三井啓氏の記事によれば、チューナーも、コントロールアンプ、パワーアンプとともに企画されていたことがわかる。
ステレオサウンド別冊「世界のオーディオ」のパイオニア号、
204〜205ページにデザイン・スケッチが掲載されている。

コントロールアンプ、パワーアンプのスケッチとともに、
あきらかにチューナーのデザイン・スケッチがそこにはあった。

ではなぜチューナーのExclusive F3だけが約一年も遅れたのか。
その理由は、測定器の開発から始まったことにある。

三井氏の記事にはこうある。
     *
今日では広く採用されている群遅延特性測定器や、微分利得特性測定器といった精巧な測定器は、「エクスクルーシヴ」のFM専用チューナーを開発するうえで必要に迫られ、設計グループによって実現したものであった。
     *
記事には測定器の写真も載っていて、その説明文には「測定器メーカーとの共同開発による」とある。

オーディオ機器の開発の大変さは、なんとなくではあっても想像がつく。
けれど、測定器、それも新しい測定器となると、どれだけ大変なのかは、私には想像がつかない。

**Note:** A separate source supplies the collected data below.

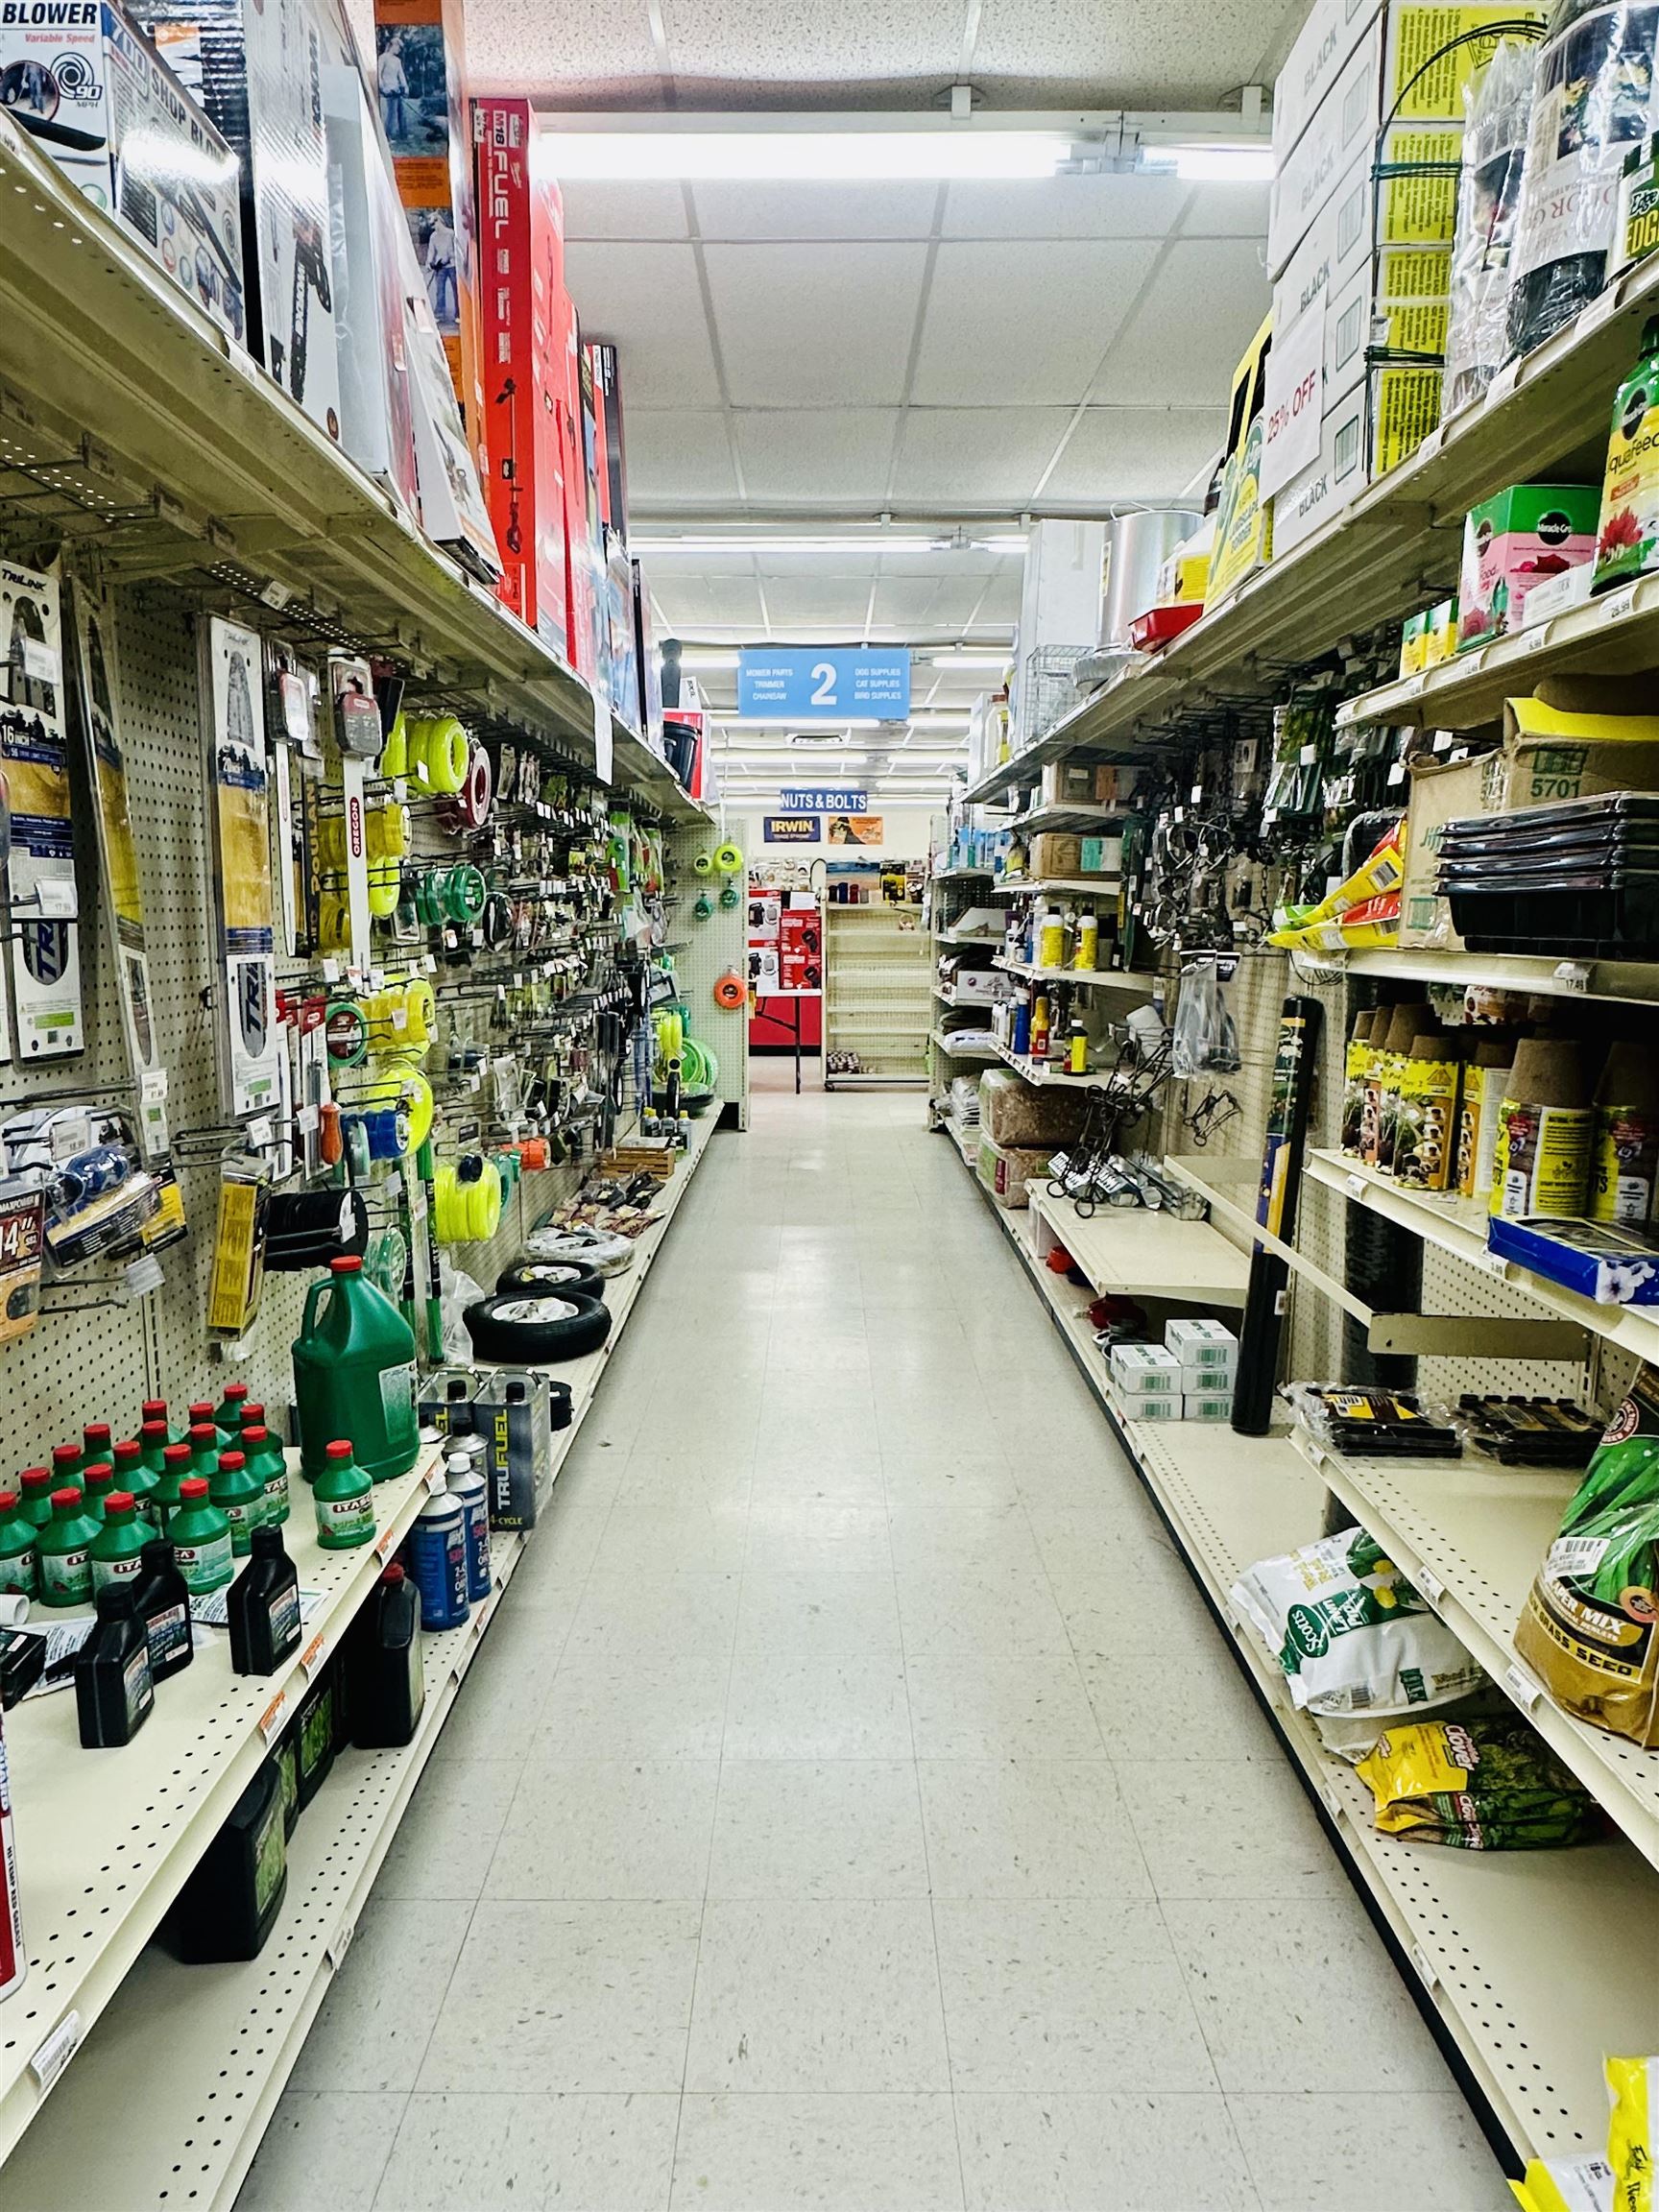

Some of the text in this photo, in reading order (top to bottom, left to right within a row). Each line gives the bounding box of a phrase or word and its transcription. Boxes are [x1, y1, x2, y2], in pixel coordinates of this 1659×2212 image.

[2, 4, 97, 24] BLOWER
[24, 33, 95, 44] Variable Speed
[151, 67, 186, 124] SHOP
[494, 111, 506, 146] M18
[493, 151, 509, 239] FUEL
[1300, 260, 1331, 314] BLACK
[1267, 369, 1316, 445] 25% OFF
[1299, 473, 1328, 517] BLACK
[810, 662, 837, 706] 2
[869, 680, 900, 688] SUPPLIES
[781, 793, 867, 809] NUTS & BOLTS
[1530, 778, 1582, 799] 5701
[351, 801, 361, 854] OREGON
[771, 820, 815, 833] IRWIN
[494, 1408, 511, 1510] TRUFUEL
[1291, 1610, 1320, 1652] Scotts
[1582, 1607, 1627, 1635] MIX
[1539, 1611, 1570, 1649] GRASS
[1575, 1647, 1632, 1676] SEED
[1445, 1724, 1476, 1771] Clover
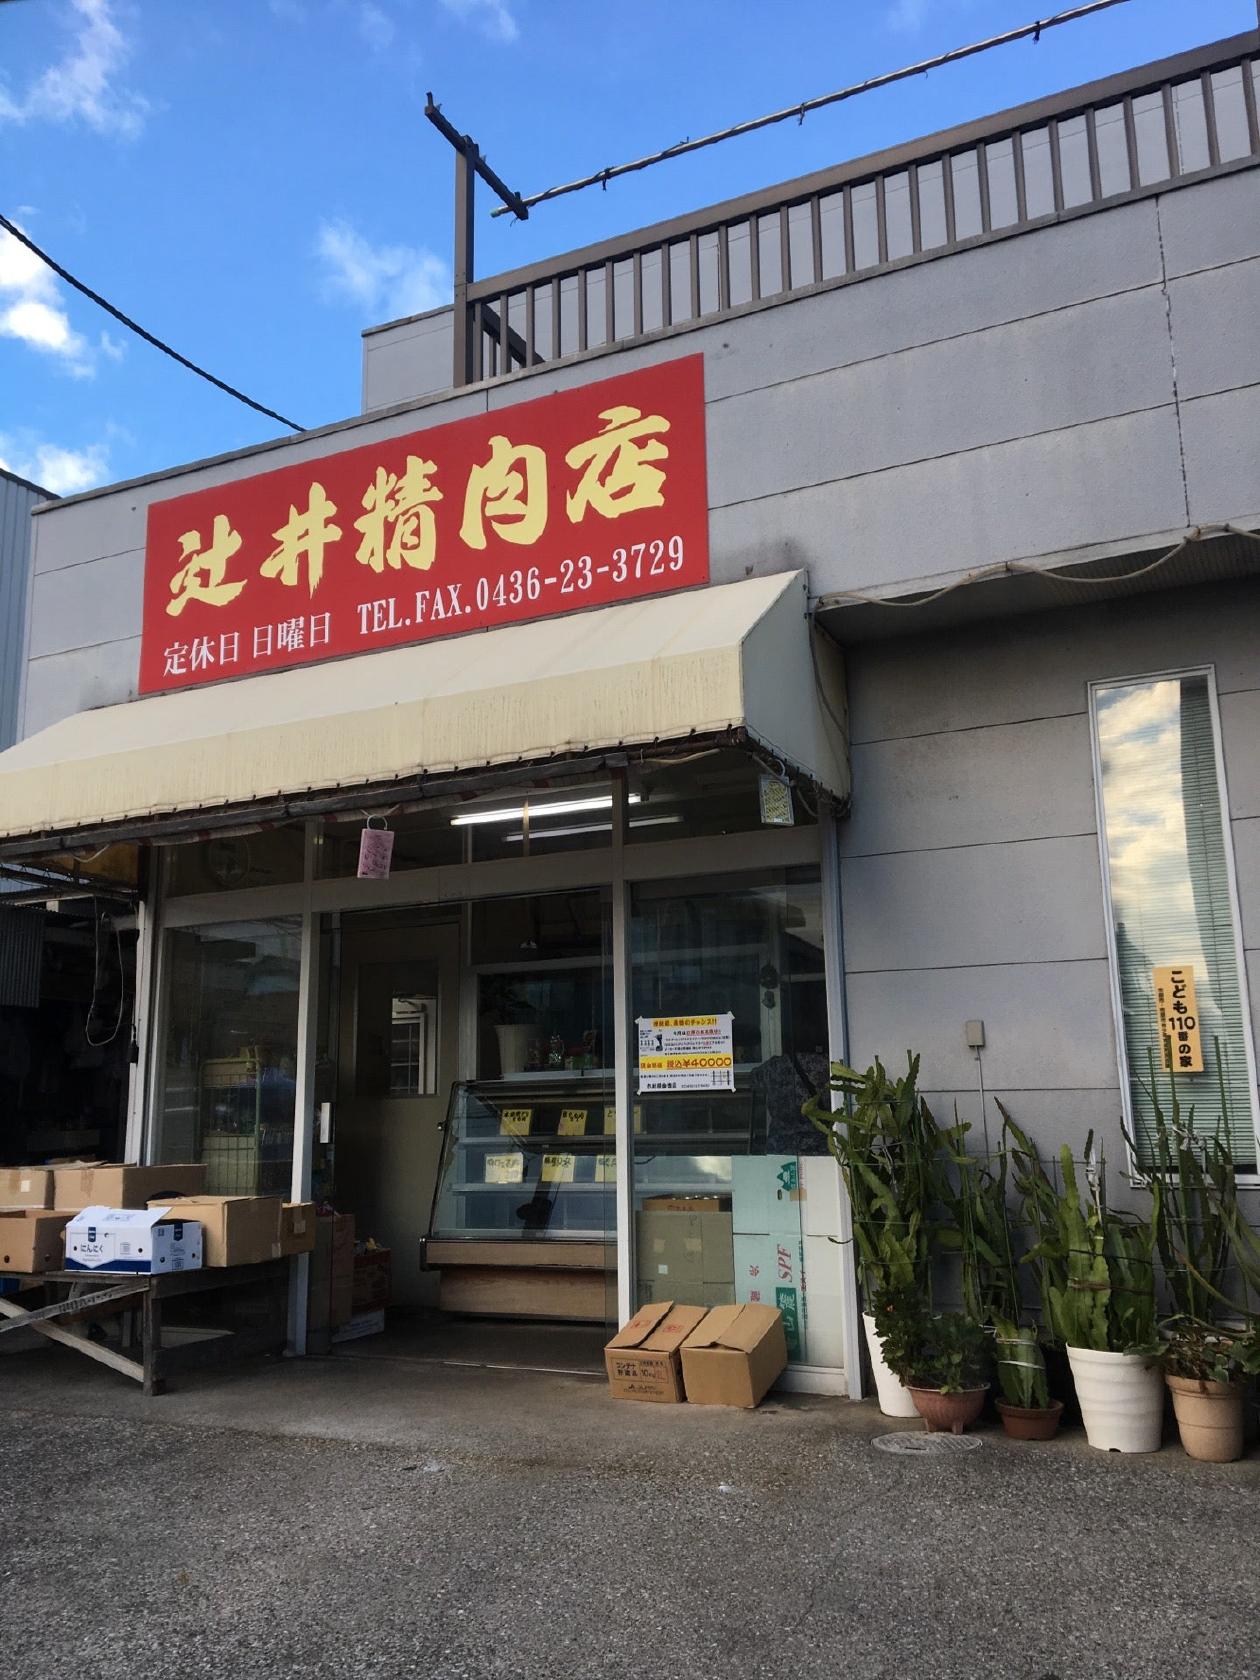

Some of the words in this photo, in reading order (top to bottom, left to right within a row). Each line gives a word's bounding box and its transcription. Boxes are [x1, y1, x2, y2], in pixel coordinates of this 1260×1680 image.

おそらく新しい測定器の開発と並行しながらExclusive F3の開発・設計も進められていた。
記事にも、「新しいFM専用チューナーは、昭和47年末ごろの設計の段階では」という記述がある。
昭和47年は1972年、Exclusive F3の発売は1975年。

Exclusive F3は、それだけの時間がかけられたチューナーといえる。